■ **THE TASK**
The required output holds only the lines from the one containing "this 1440×1280 image." through the end of the material below, copied exactly, please, with no pictures.

■ ■ ■ ■ ■

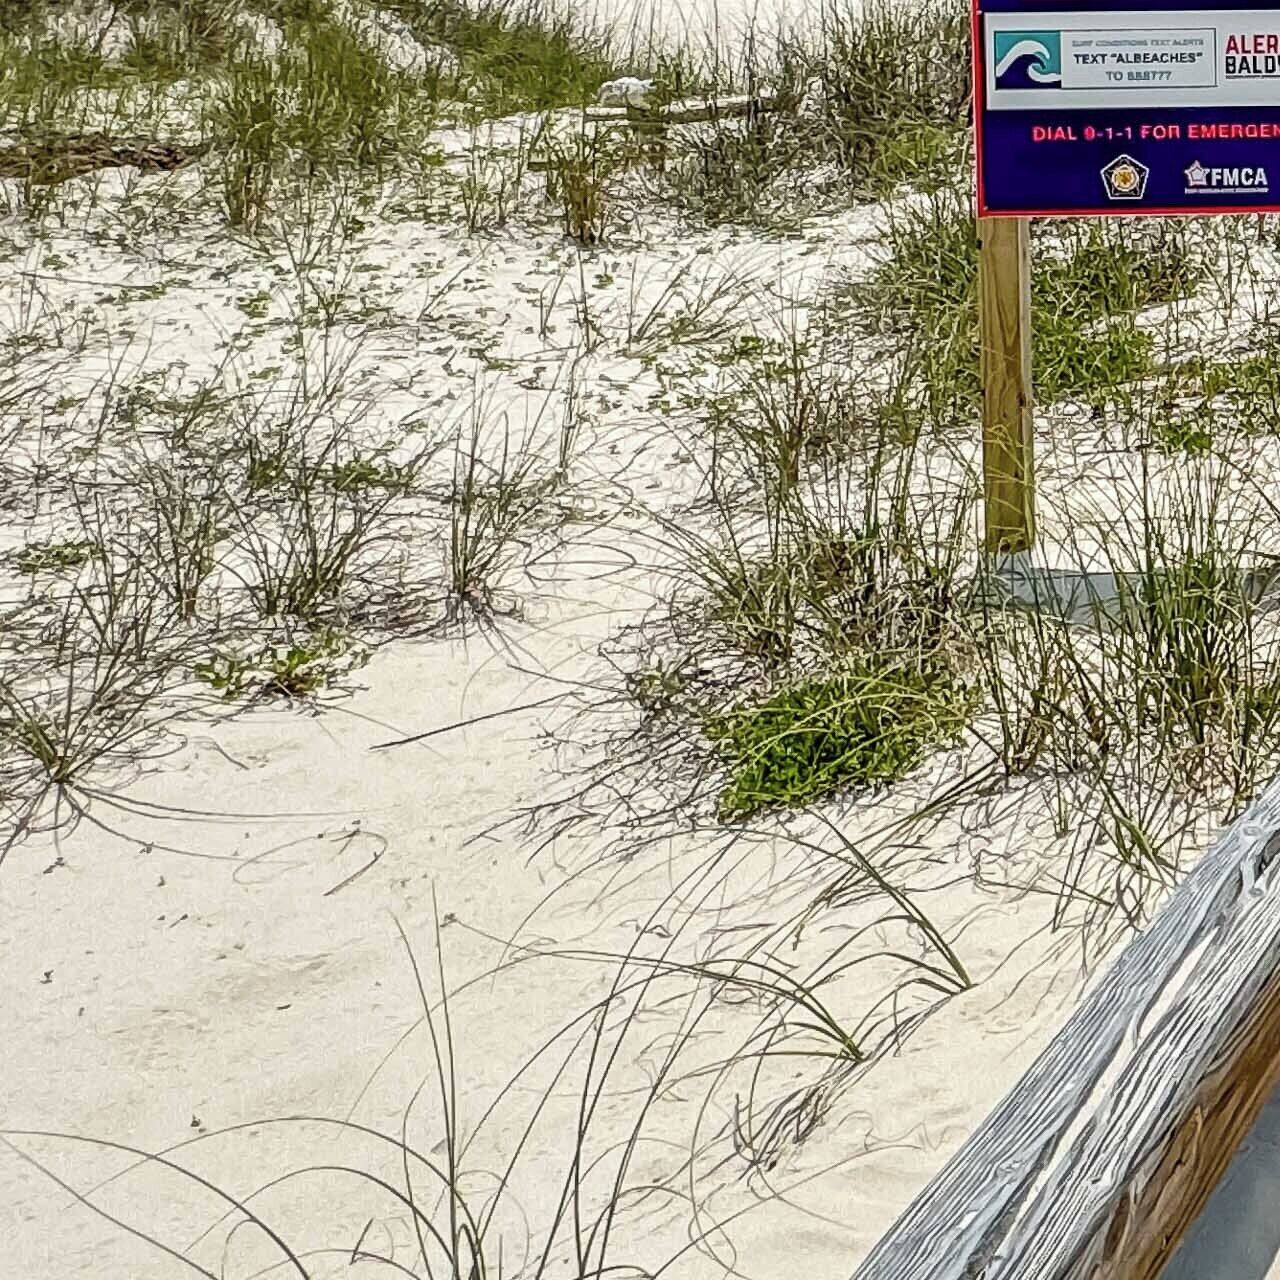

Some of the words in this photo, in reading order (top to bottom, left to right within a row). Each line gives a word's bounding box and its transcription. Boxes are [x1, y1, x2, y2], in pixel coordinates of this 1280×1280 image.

[1073, 53, 1107, 65] TEXT
[1106, 71, 1124, 81] TO
[1127, 70, 1172, 81] 888777
[1032, 125, 1078, 141] DIAL
[1141, 124, 1181, 140] FOR
[1210, 167, 1269, 187] FMCA
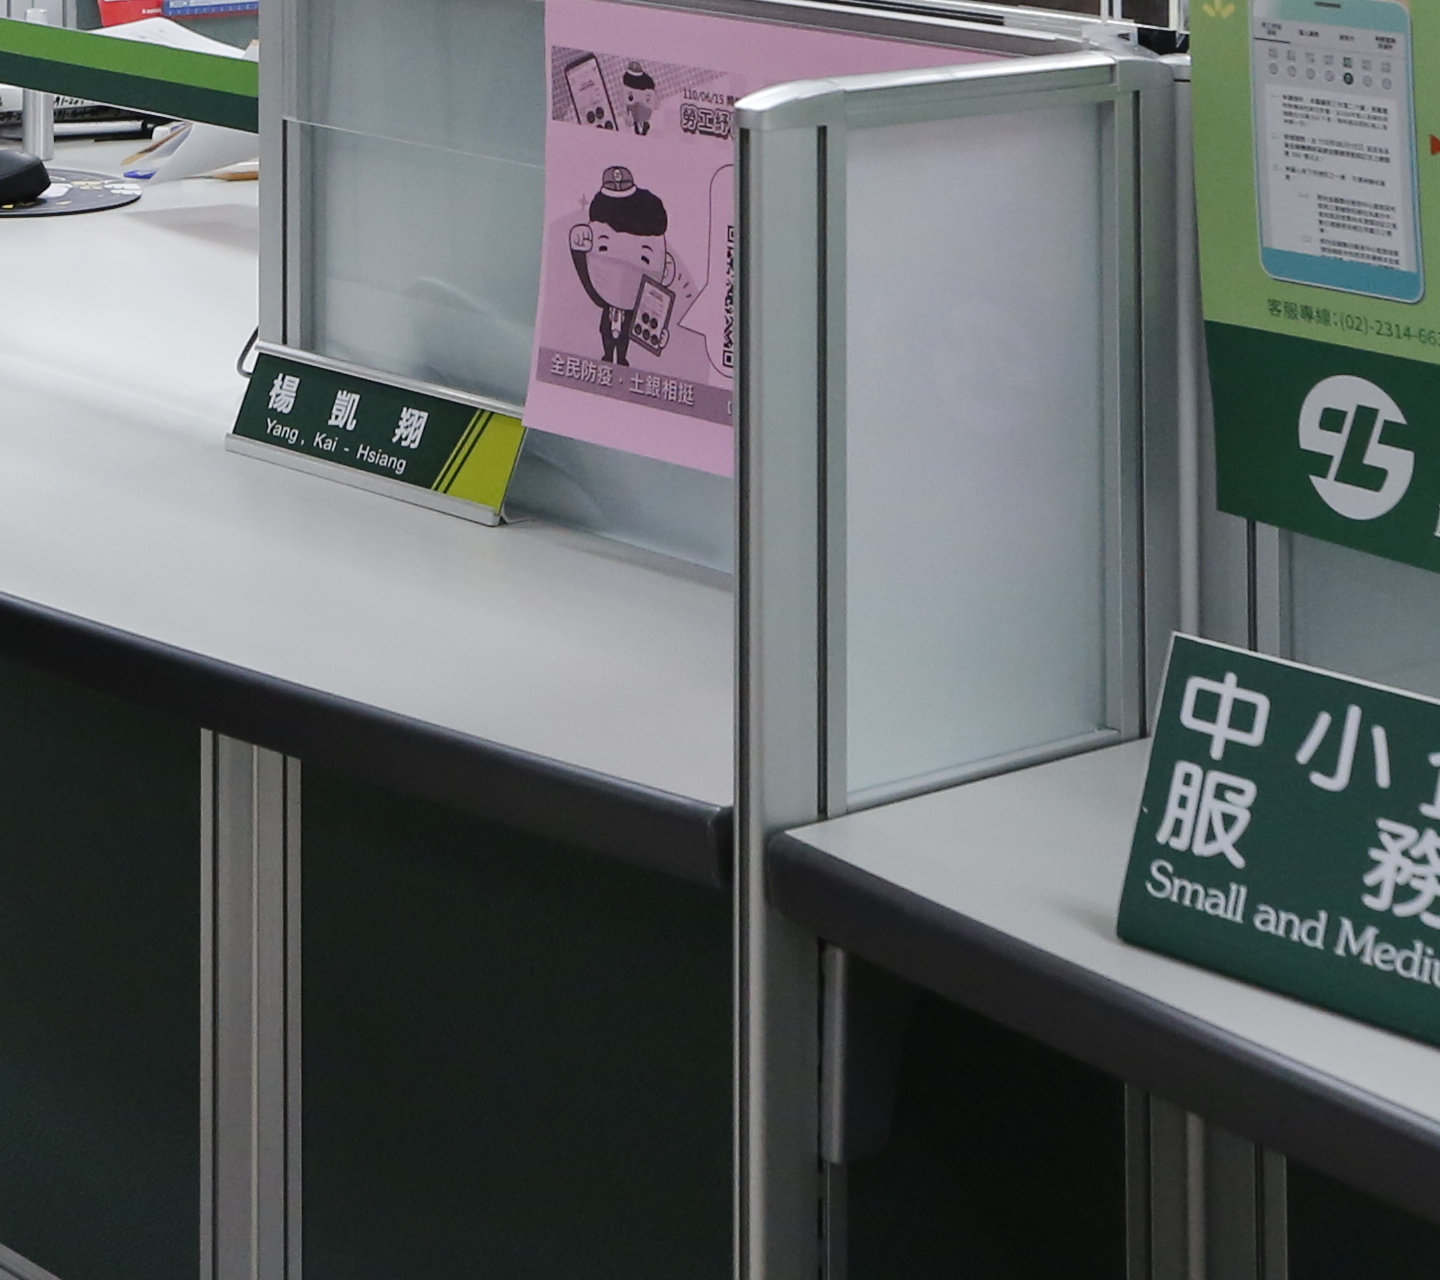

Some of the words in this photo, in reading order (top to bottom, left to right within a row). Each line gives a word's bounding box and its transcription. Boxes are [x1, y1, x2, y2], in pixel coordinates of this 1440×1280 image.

[267, 371, 429, 449] 楊凱翔
[313, 430, 338, 451] Kai
[356, 443, 407, 474] Hsiang
[1144, 860, 1246, 925] Small
[1253, 886, 1326, 950] and
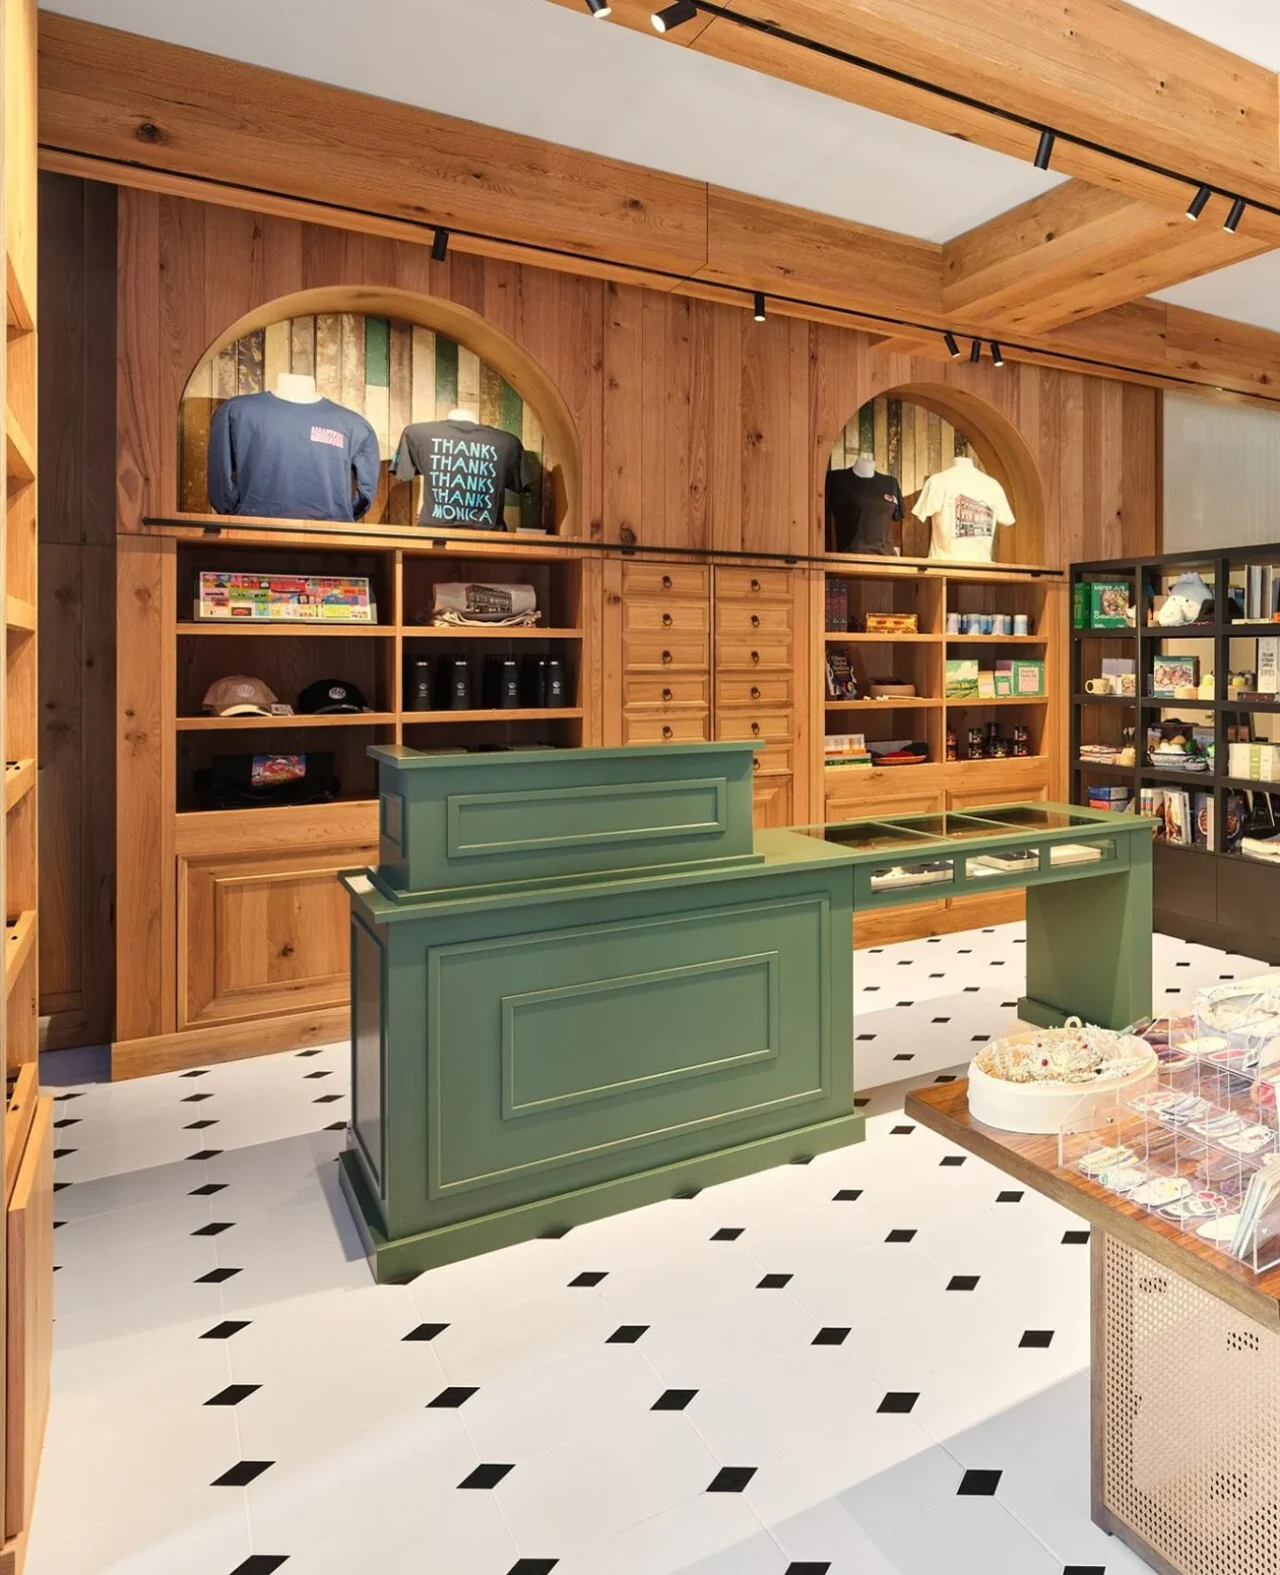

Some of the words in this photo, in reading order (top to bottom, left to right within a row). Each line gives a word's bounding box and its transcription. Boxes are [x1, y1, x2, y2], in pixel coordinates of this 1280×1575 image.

■ ■ ■ ■ ■

■ **RESPONSE AREA**
Some of the words in this photo, in reading order (top to bottom, left to right within a row). Each line gives a word's bounding box and its transcription. Boxes are [x1, y1, x2, y2], in pixel coordinates of this 1440×1280 image.

[267, 371, 429, 449] 楊凱翔
[313, 430, 338, 451] Kai
[356, 443, 407, 474] Hsiang
[1144, 860, 1246, 925] Small
[1253, 886, 1326, 950] and

Some of the words in this photo, in reading order (top to bottom, left to right within a row). Each line gives a word's bounding box and its transcription. Boxes are [x1, y1, x2, y2], in pixel coordinates of this 1280×1575 image.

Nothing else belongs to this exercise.